**PROVIDED MATERIAL**

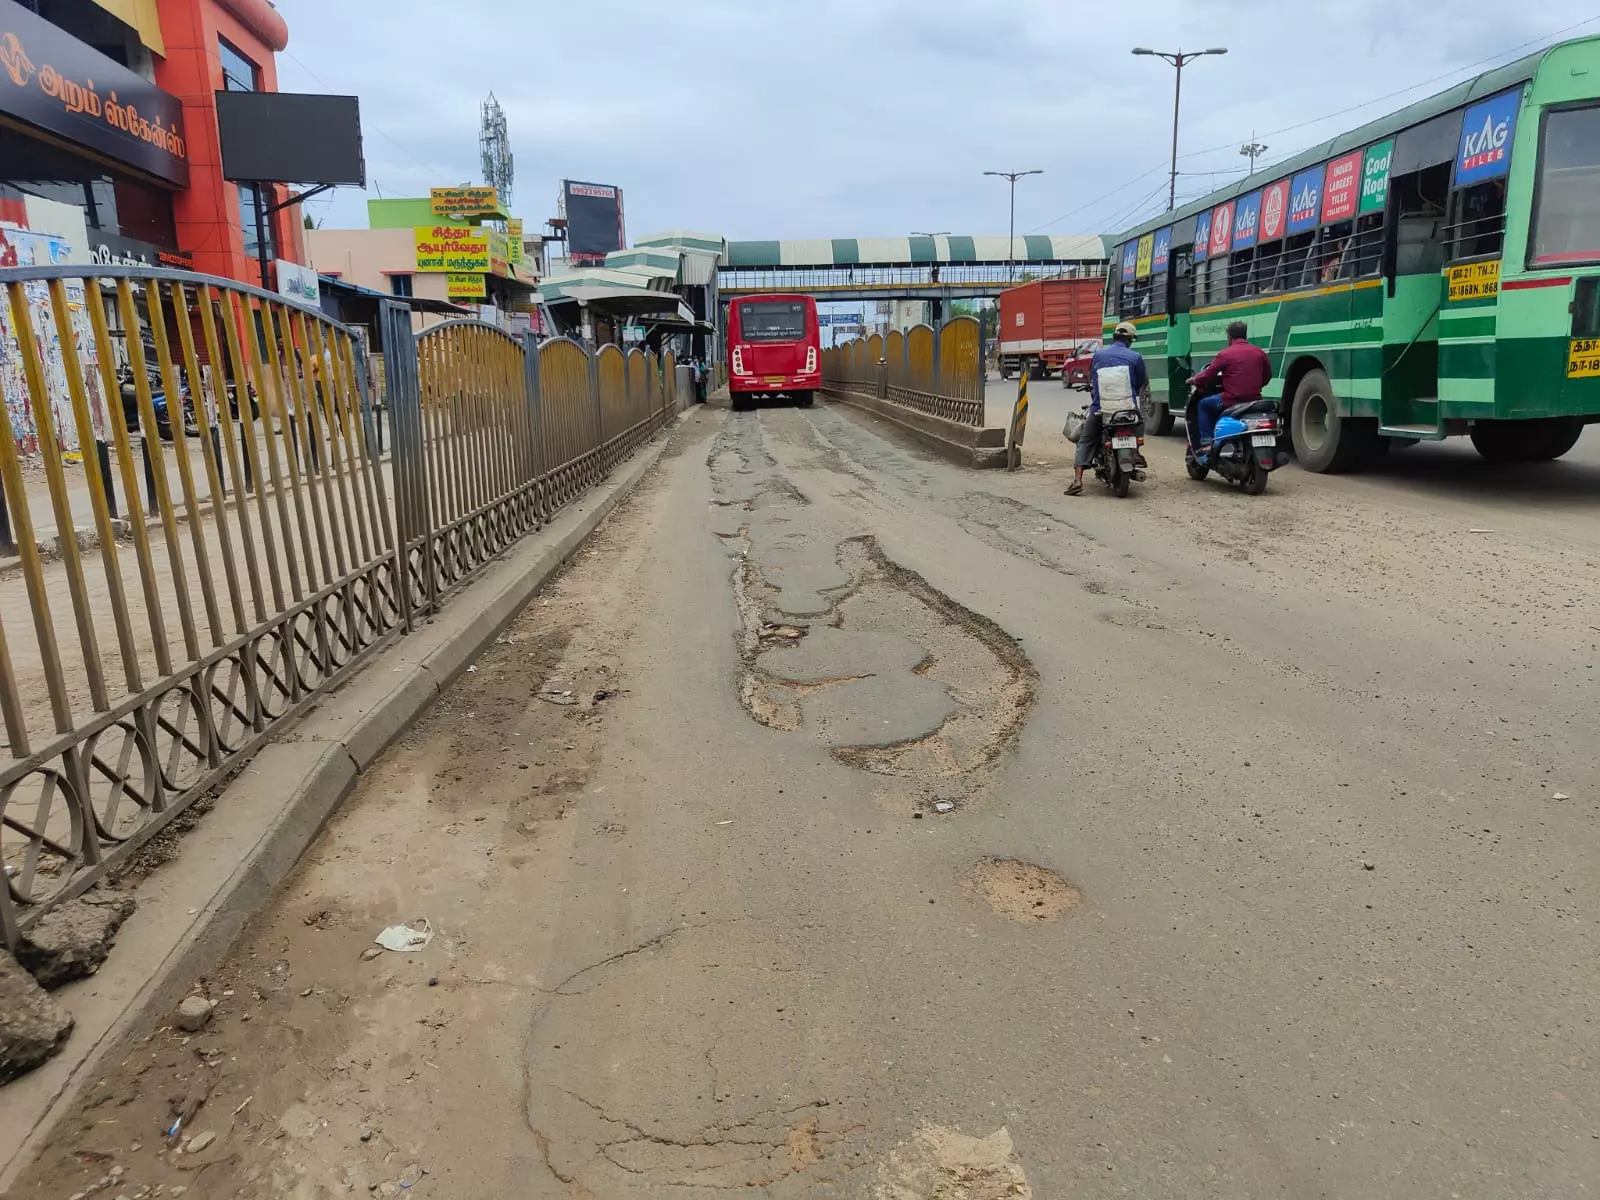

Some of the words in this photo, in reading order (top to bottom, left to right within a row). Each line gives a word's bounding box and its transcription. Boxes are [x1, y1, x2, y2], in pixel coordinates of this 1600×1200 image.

[39, 64, 101, 117] அறம்
[104, 90, 185, 158] ஸ்கேன்ஸ்
[1463, 113, 1509, 158] KAG
[1366, 151, 1391, 176] Cool
[1463, 148, 1503, 169] TILES
[1328, 176, 1354, 193] LARGEST
[1363, 171, 1389, 197] Roof
[1292, 181, 1318, 213] KAG
[1331, 191, 1348, 205] TILES
[1236, 204, 1256, 233] KAG
[1292, 208, 1316, 222] TILES
[432, 226, 471, 240] சித்தா
[1236, 227, 1254, 240] TILES
[416, 241, 488, 255] ஆயுர்வேதா
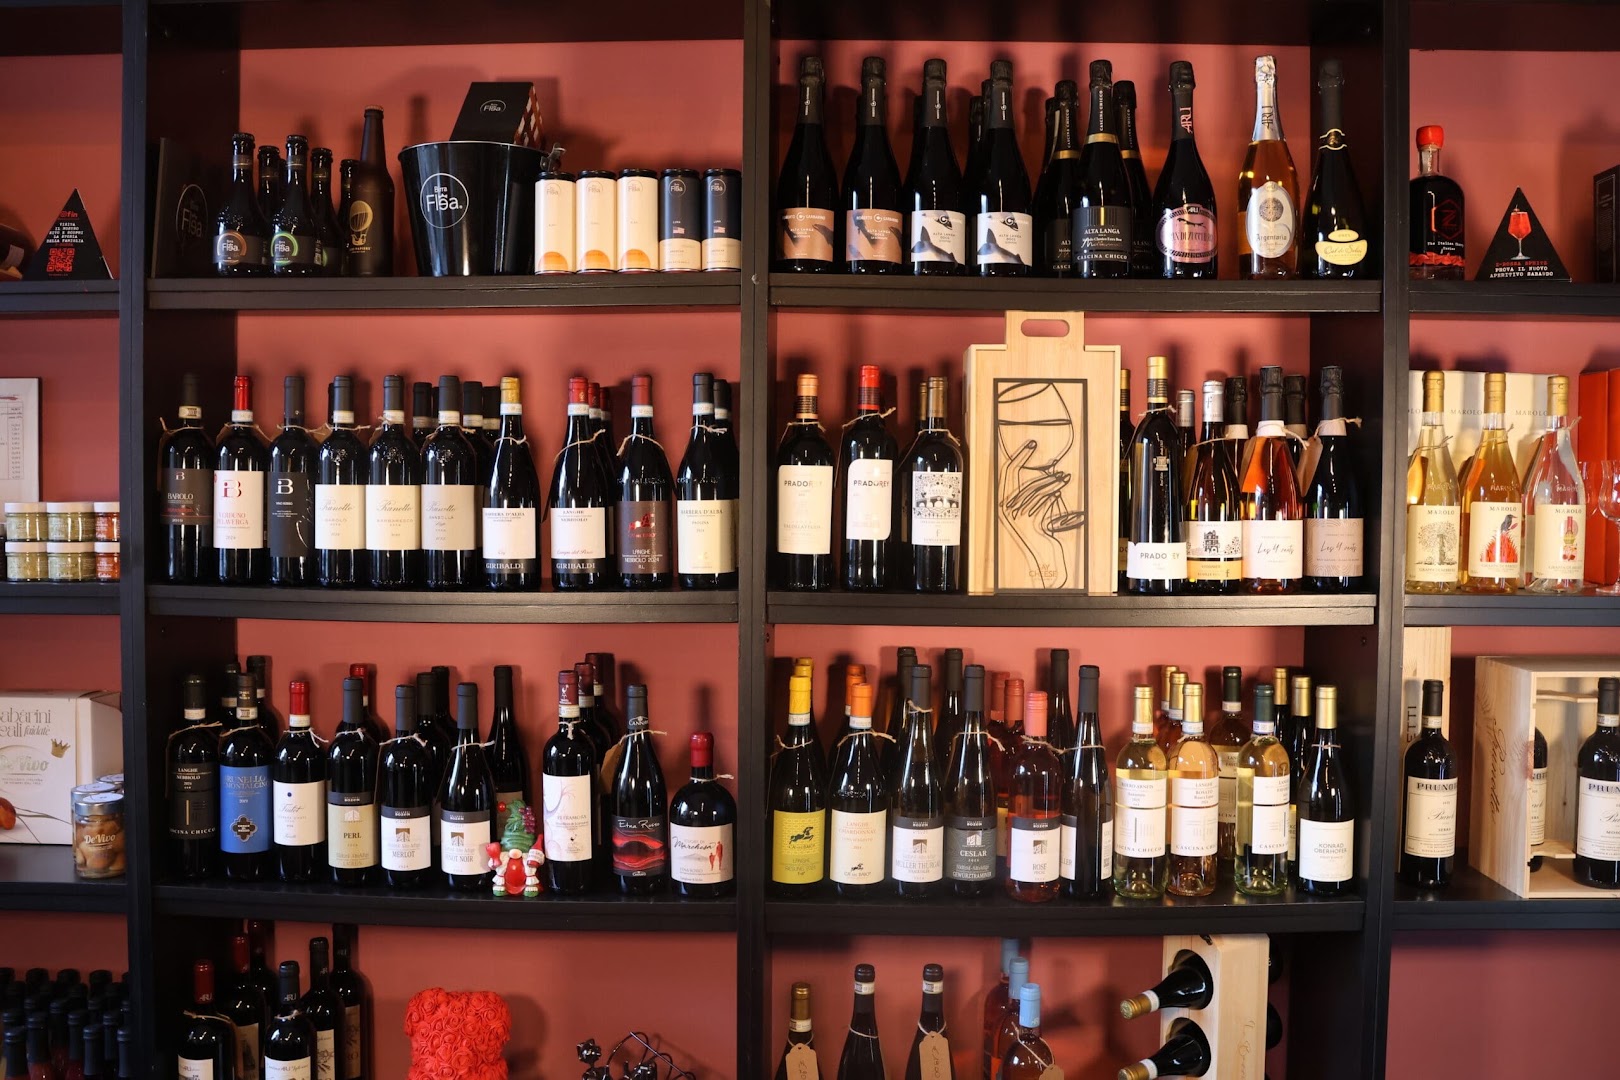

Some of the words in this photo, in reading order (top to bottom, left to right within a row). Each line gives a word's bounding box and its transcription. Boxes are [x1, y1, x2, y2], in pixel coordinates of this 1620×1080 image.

**THE PROBLEM**
Could you give the material again exactly as it stands, omitting any image?

**RESULT OF THIS EXERCISE**
Some of the words in this photo, in reading order (top to bottom, left to right within a row). Each line gives a word's bounding box and its transcription. Boxes are [x1, y1, x2, y2], in pixel coordinates of this 1600×1200 image.

[39, 64, 101, 117] அறம்
[104, 90, 185, 158] ஸ்கேன்ஸ்
[1463, 113, 1509, 158] KAG
[1366, 151, 1391, 176] Cool
[1463, 148, 1503, 169] TILES
[1328, 176, 1354, 193] LARGEST
[1363, 171, 1389, 197] Roof
[1292, 181, 1318, 213] KAG
[1331, 191, 1348, 205] TILES
[1236, 204, 1256, 233] KAG
[1292, 208, 1316, 222] TILES
[432, 226, 471, 240] சித்தா
[1236, 227, 1254, 240] TILES
[416, 241, 488, 255] ஆயுர்வேதா

Some of the words in this photo, in reading order (top to bottom, left to right within a row). Each line gives a word's bounding box and its transcription. Boxes are [x1, y1, x2, y2], in pixel coordinates of this 1620×1080 image.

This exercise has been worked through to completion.